Evaluation of EpCAM Intensity and Proportion. 10fold magnification, scale bar indicating 100 μm. Proportion scoring (0 = negative, 1 < 10%, 2 = 10–50%, 3 > 50%, and 4 > 75%), intensity scoring (0 = negative, 1 = weak, 2 = moderate and 3 = strong). Proportion/Intensity: Panel a 0/0, b 4/1, c 2/1, d4/2, e 2/2, f 4/3

Measurement of serum parameters

We measured Bilirubin, Albumin and AFP within the routine clinical Dimension Vista® 1500 System by Siemens Healthineers.

The INR estimation was based on measurements of the prothrombin time by BCS® XP System by Siemens Healthineers.

Statistical analysis

All analyses were performed using R (version 3.6, R Foundation for Statistical Computing). Univariate comparisons of clinical data between pre-defined EpCAM-classification groups were performed using Fisher’s Exact test for parametric data and Kruskal-Wallis-test for continuous data. Survival analyses and Cox-Regression modelling was performed with the survival package (version 2.38). Differences in survival rates at different time points were assessed by administrative censoring of the survival curves at the respective time point and performing a log-rank test implemented in the survdiff function.
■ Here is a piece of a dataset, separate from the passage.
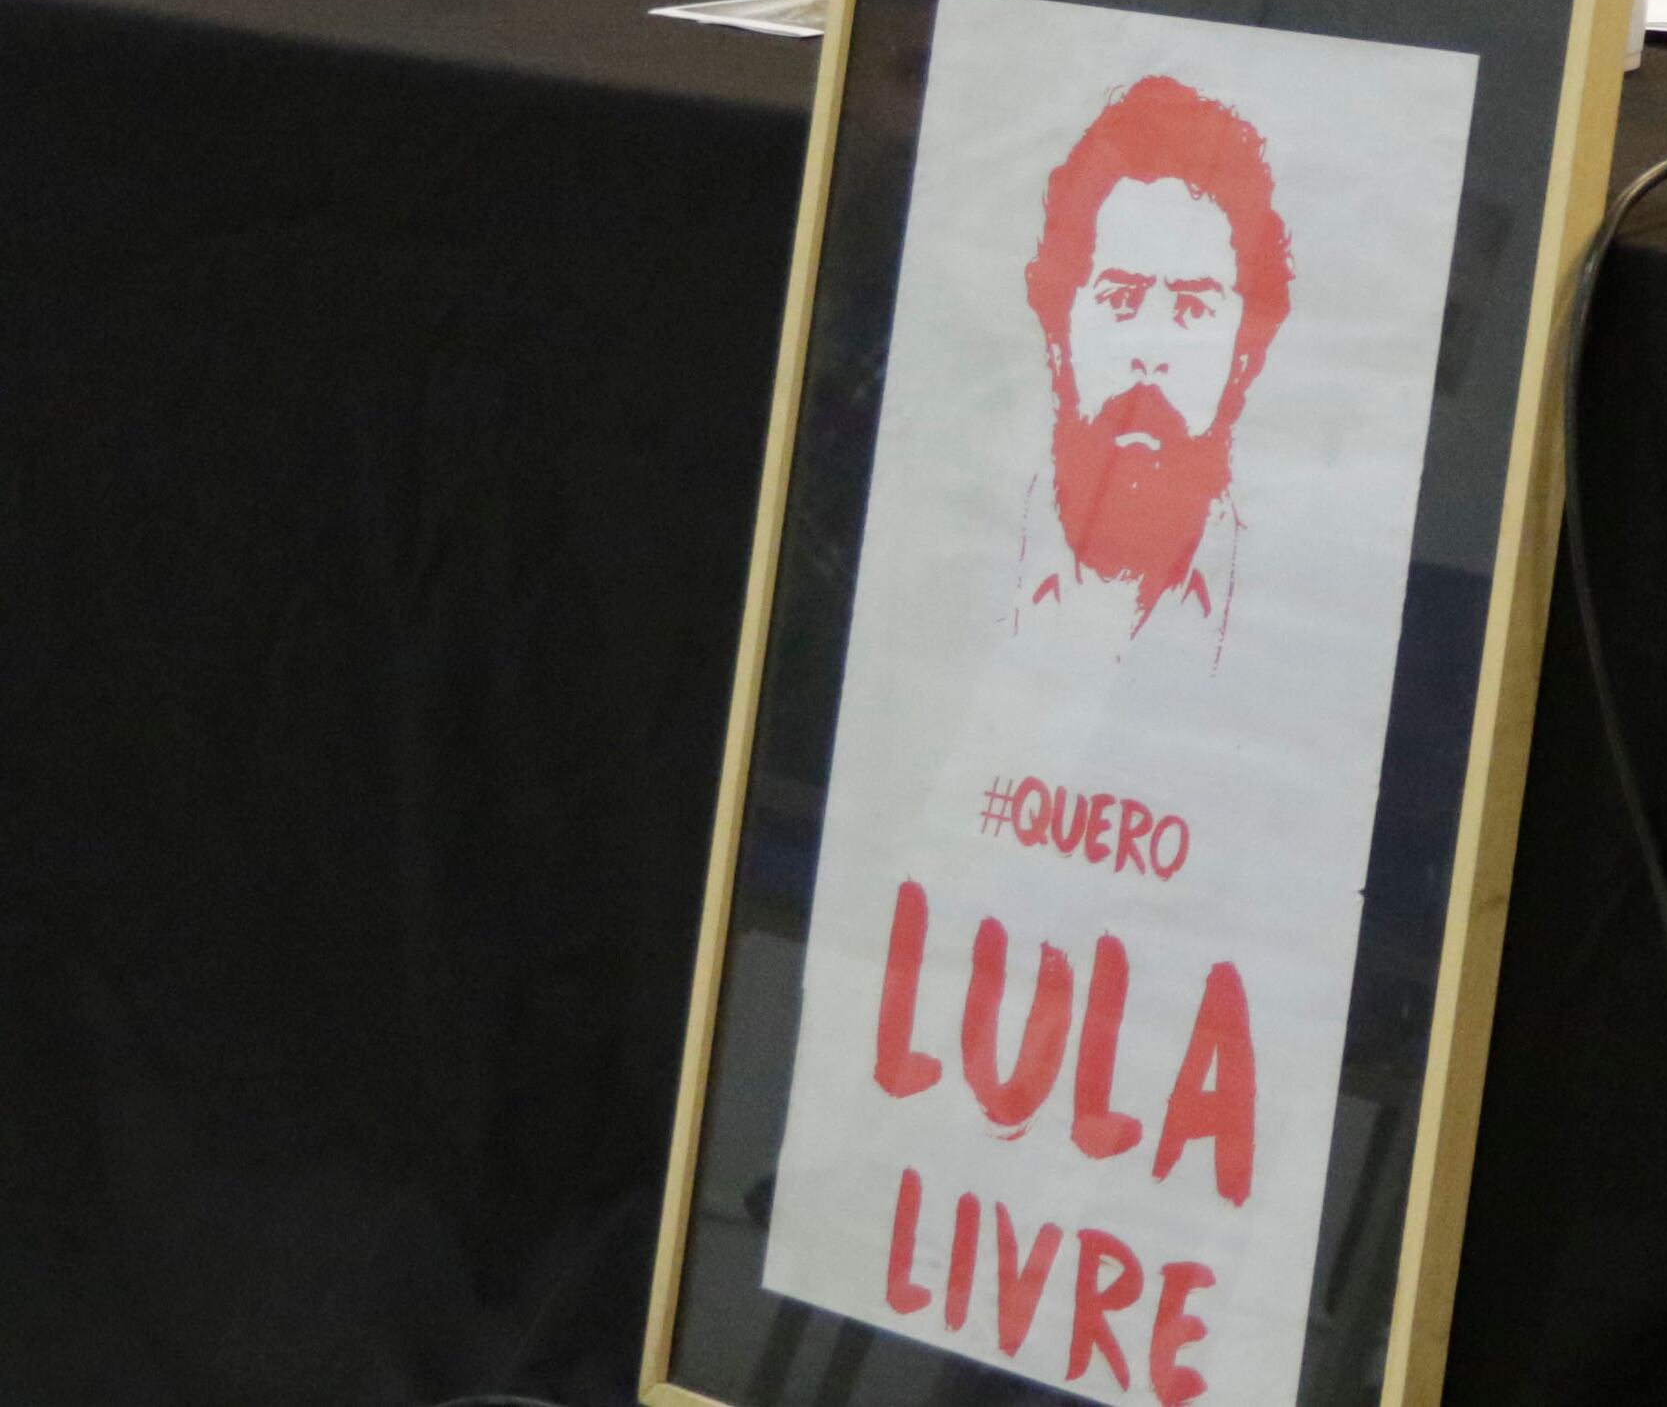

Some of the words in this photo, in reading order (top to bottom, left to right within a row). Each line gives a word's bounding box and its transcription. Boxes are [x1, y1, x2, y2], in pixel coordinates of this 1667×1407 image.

[980, 775, 1190, 881] #QUERO
[874, 875, 1257, 1208] LULA
[885, 1167, 1216, 1407] LIVRE
We calculated the positive and negative prediction values, and the sensitivity and specificity of a single spot by averaging over 1000 bootstrap samplings of single spots per sample. Classification performance metrics for single spot and all spot prediction of tumor recurrence based on EpCAM intensity and proportion were calculated using the confusionMatrix function provided by the caret package (version 6.0.84). P-values below 0.05 were deemed statistically significant.

Results

Baseline parameters represent a cohort, typical of western countries

Male patients were predominant [n = 53 (76.8%)]. The median age was 66, ranging from 18 to 84. Of the cases, 39 (63.9%) were classified BCLC stage A. BCLC stage B [n = 18 (29.5%)] was less frequent, and a few cases with stage C [n = 4 (6.6%)] were included. The majority of patients (98.5%) were fully active or at least able to carry out work of a light or sedentary nature according to the Eastern Cooperative Oncology Group (ECOG 0 and 1). Chronic liver disease was common as underlying morbidity in our patients. Within our cohort, 41.9% of patients had liver cirrhosis (Child-Pugh A 88.5% and B 11.5%) and 24.2% of patients were treated without any histological signs of fibrosis. The remaining patients revealed fibrosis (33.9%). Known aetiologies for HCC were equally distributed across the cohort with alcohol abuse [22 (26.2%)], chronic hepatitis C [15 (17.9%)] and B [13 (15.5%)], non-alcoholic steatohepatitis (NASH) [11 (13.1%)], and rare causes or no known underlying risk factor [23 (27.4%)]. More than two thirds of the patients (73%) underwent resection for a single lesion; only a minority presented 4 or more HCC-nodules (11.1%). Pathological reviewing classified 76.8% of patients T1 or T2, 98.5% exhibited N0, 98.5% L0, and 91.3% R0. 62.3% of patients revealed neither microscopic nor macroscopic vascular invasion. The majority (71%) of tumors were moderately differentiated (G2), 15.9% well differentiated (G1), and 13% poorly differentiated (G3). Overall, our patients represented a typical cohort undergoing curative resection in Western countries. Clinical baseline and general histopathological tumor characteristics are summarized in Table 1.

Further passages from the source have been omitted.